[LISTED RECORDS Boundary: Start]

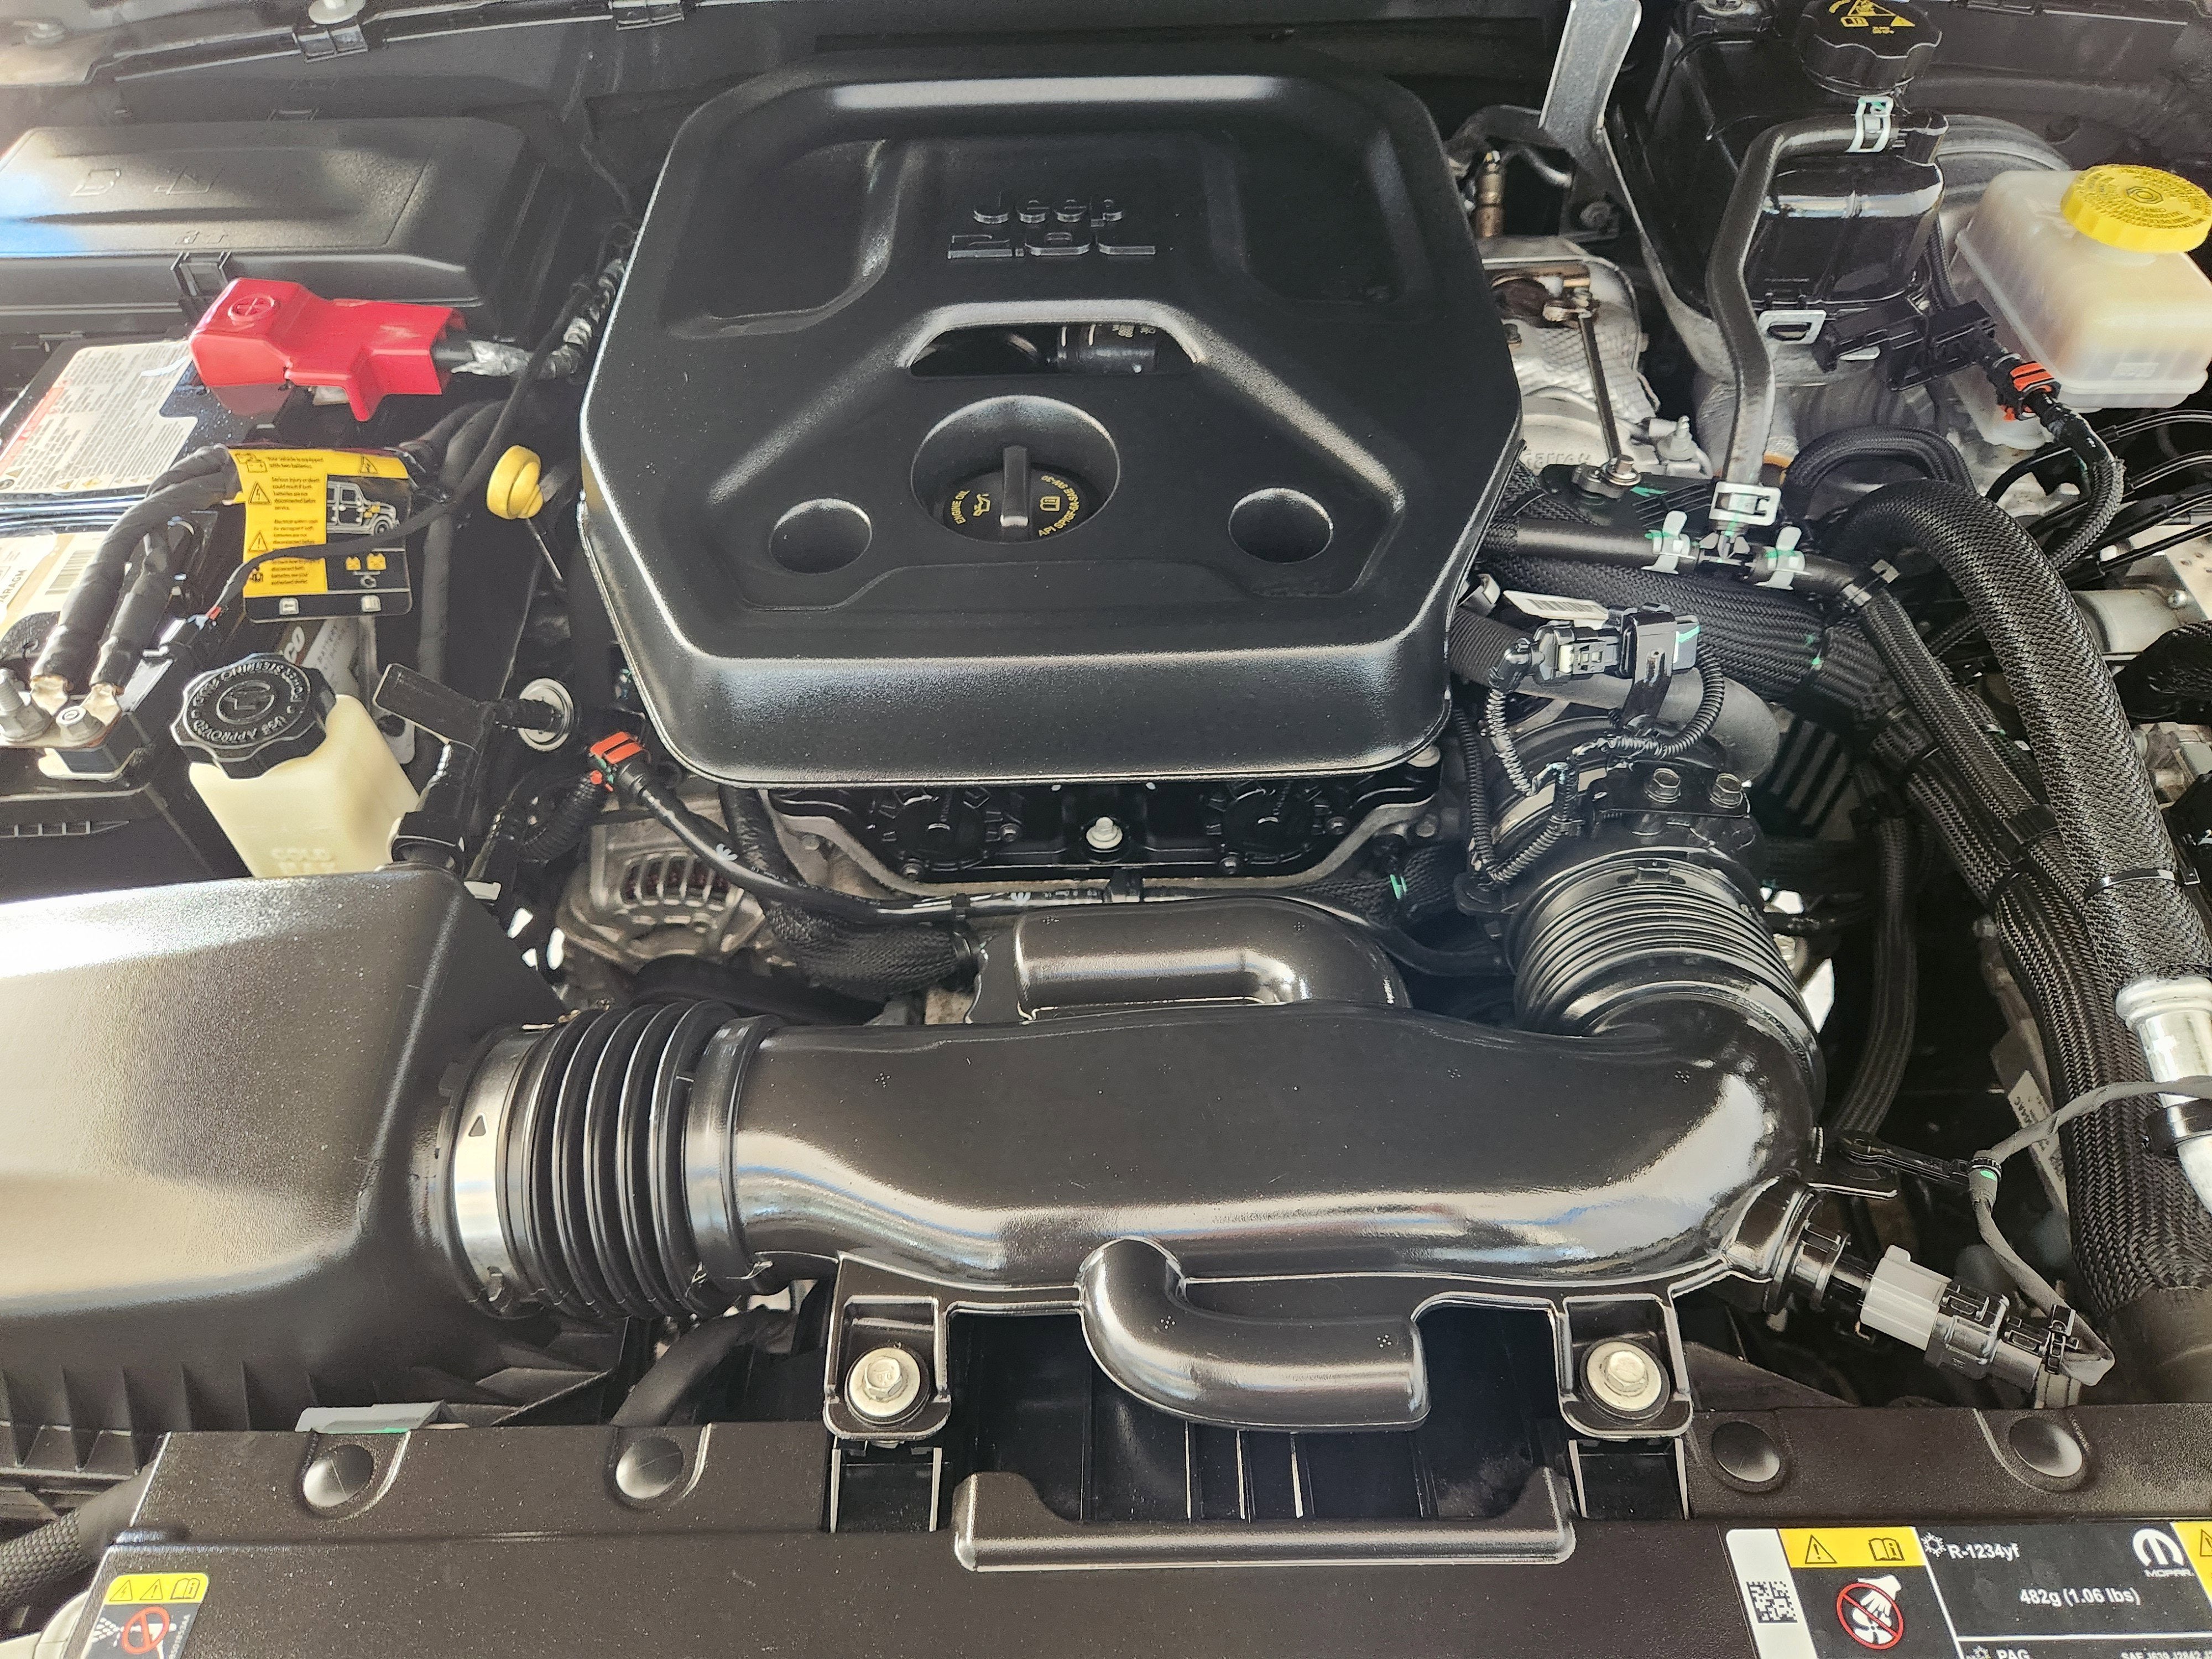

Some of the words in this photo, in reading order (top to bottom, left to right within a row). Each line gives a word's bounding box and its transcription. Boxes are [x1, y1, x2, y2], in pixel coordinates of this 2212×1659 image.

[954, 490, 970, 500] OIL
[951, 500, 966, 524] ENGINE
[1038, 525, 1057, 537] API
[194, 719, 258, 743] APPROVED
[1946, 1542, 2020, 1562] R-1234yf
[2143, 1568, 2192, 1577] MOPAR
[2020, 1588, 2063, 1608] 482g
[2063, 1587, 2105, 1607] (1.06
[2105, 1587, 2141, 1606] lbs)
[1996, 1648, 2031, 1659] PAG
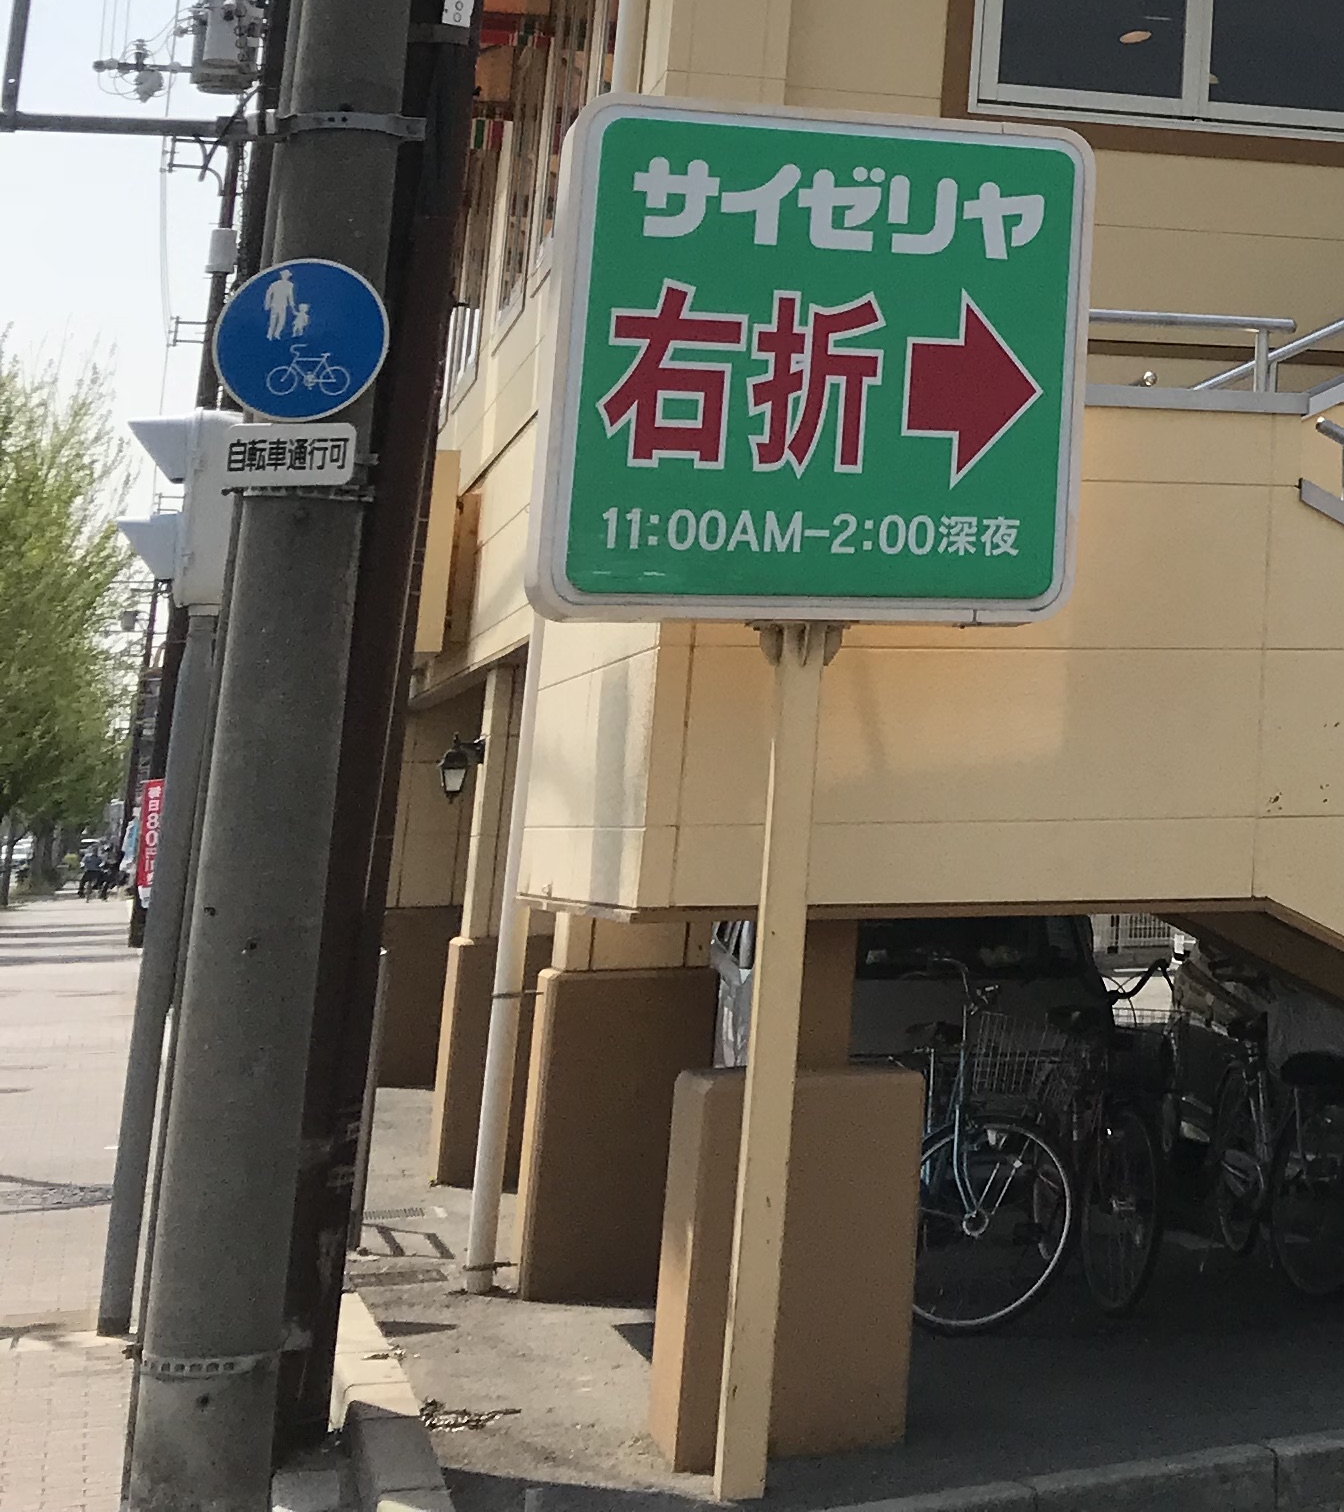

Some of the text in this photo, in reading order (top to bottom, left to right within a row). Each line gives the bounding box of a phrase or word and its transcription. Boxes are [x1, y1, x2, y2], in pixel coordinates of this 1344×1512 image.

[633, 155, 1045, 260] サイゼリヤ
[595, 277, 887, 479] 右折
[225, 437, 350, 472] 自転車通行可
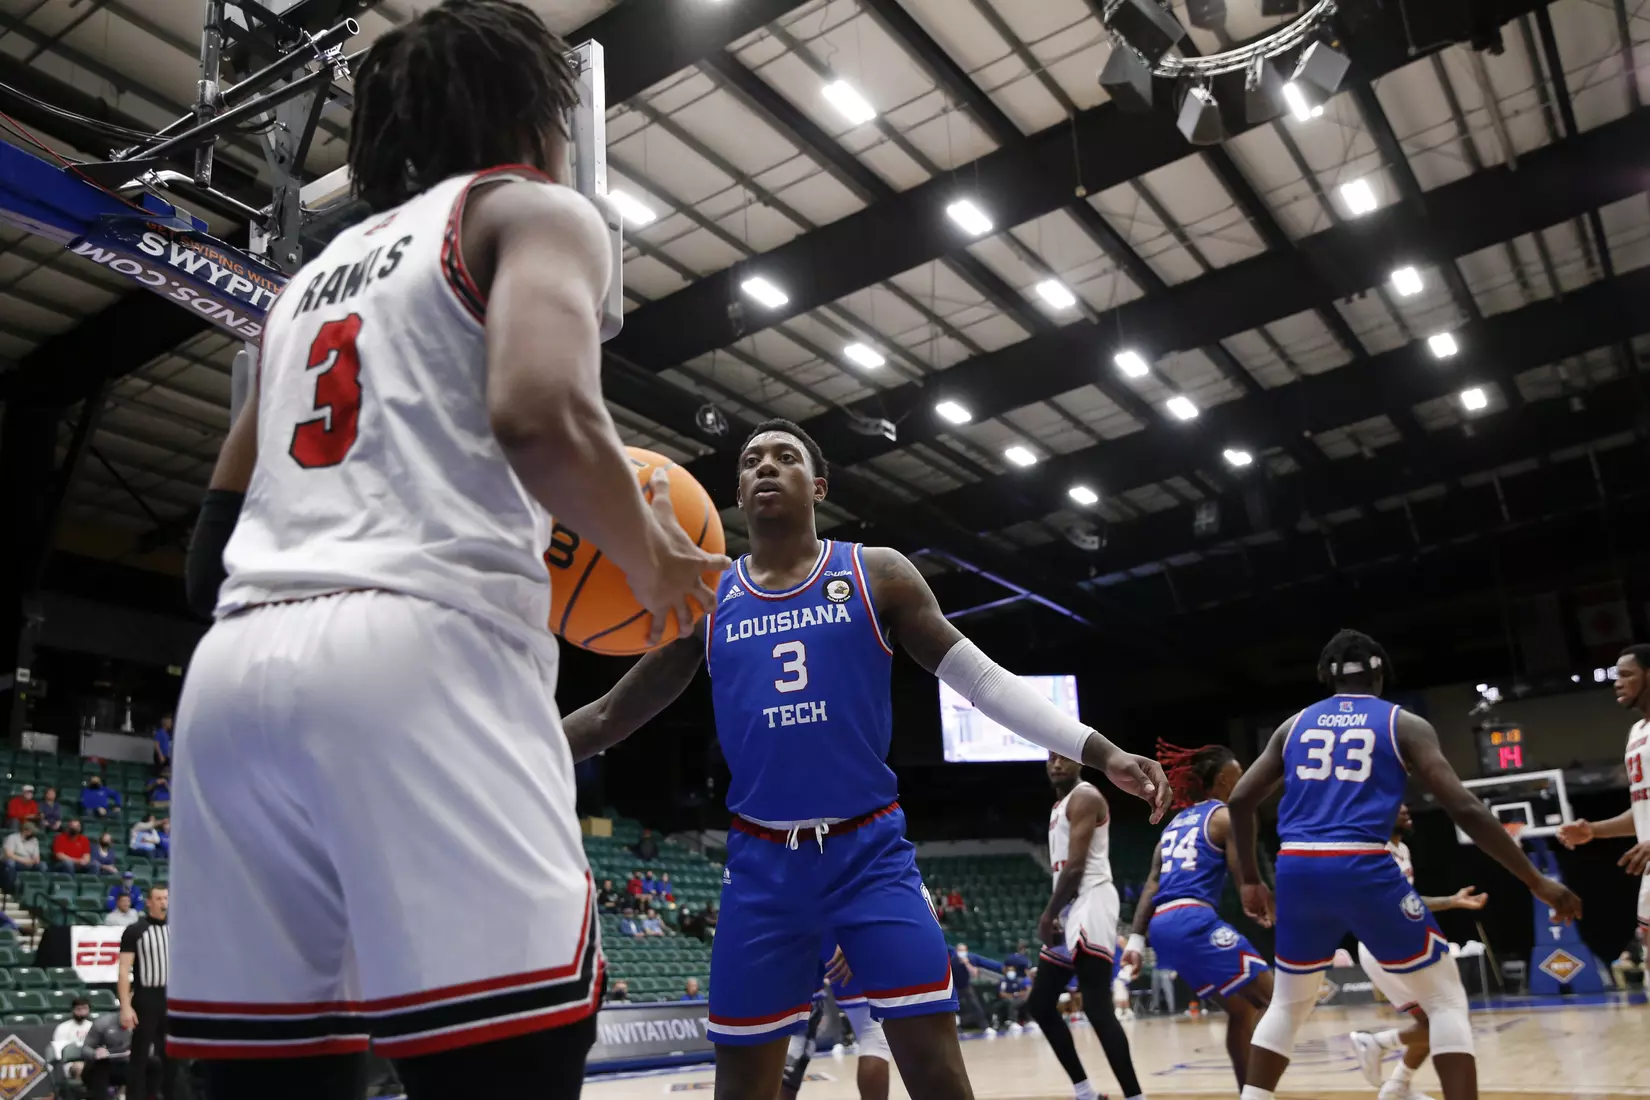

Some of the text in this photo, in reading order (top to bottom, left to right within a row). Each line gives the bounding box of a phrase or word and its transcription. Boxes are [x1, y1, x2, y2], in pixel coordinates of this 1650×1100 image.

[LISTED RECORDS Boundary: End]

WHAT YOU ARE ASKED TO DO: It would help to have the listing above repeated exactly, with all images removed.

YOUR RESPONSE:
Some of the words in this photo, in reading order (top to bottom, left to right within a row). Each line gives a word's bounding box and its transcription. Boxes are [x1, y1, x2, y2], in pixel coordinates of this 2212×1659 image.

[954, 490, 970, 500] OIL
[951, 500, 966, 524] ENGINE
[1038, 525, 1057, 537] API
[194, 719, 258, 743] APPROVED
[1946, 1542, 2020, 1562] R-1234yf
[2143, 1568, 2192, 1577] MOPAR
[2020, 1588, 2063, 1608] 482g
[2063, 1587, 2105, 1607] (1.06
[2105, 1587, 2141, 1606] lbs)
[1996, 1648, 2031, 1659] PAG

Some of the text in this photo, in reading order (top to bottom, left to right within a row). Each line gives the bounding box of a phrase or word and its transcription. Boxes are [x1, y1, x2, y2], in pixel coordinates of this 1344×1512 image.

[633, 155, 1045, 260] サイゼリヤ
[595, 277, 887, 479] 右折
[225, 437, 350, 472] 自転車通行可

Some of the text in this photo, in reading order (top to bottom, left to right within a row). Each line gives the bounding box of a phrase or word and its transcription. Boxes are [x1, y1, x2, y2], in pixel coordinates of this 1650×1100 image.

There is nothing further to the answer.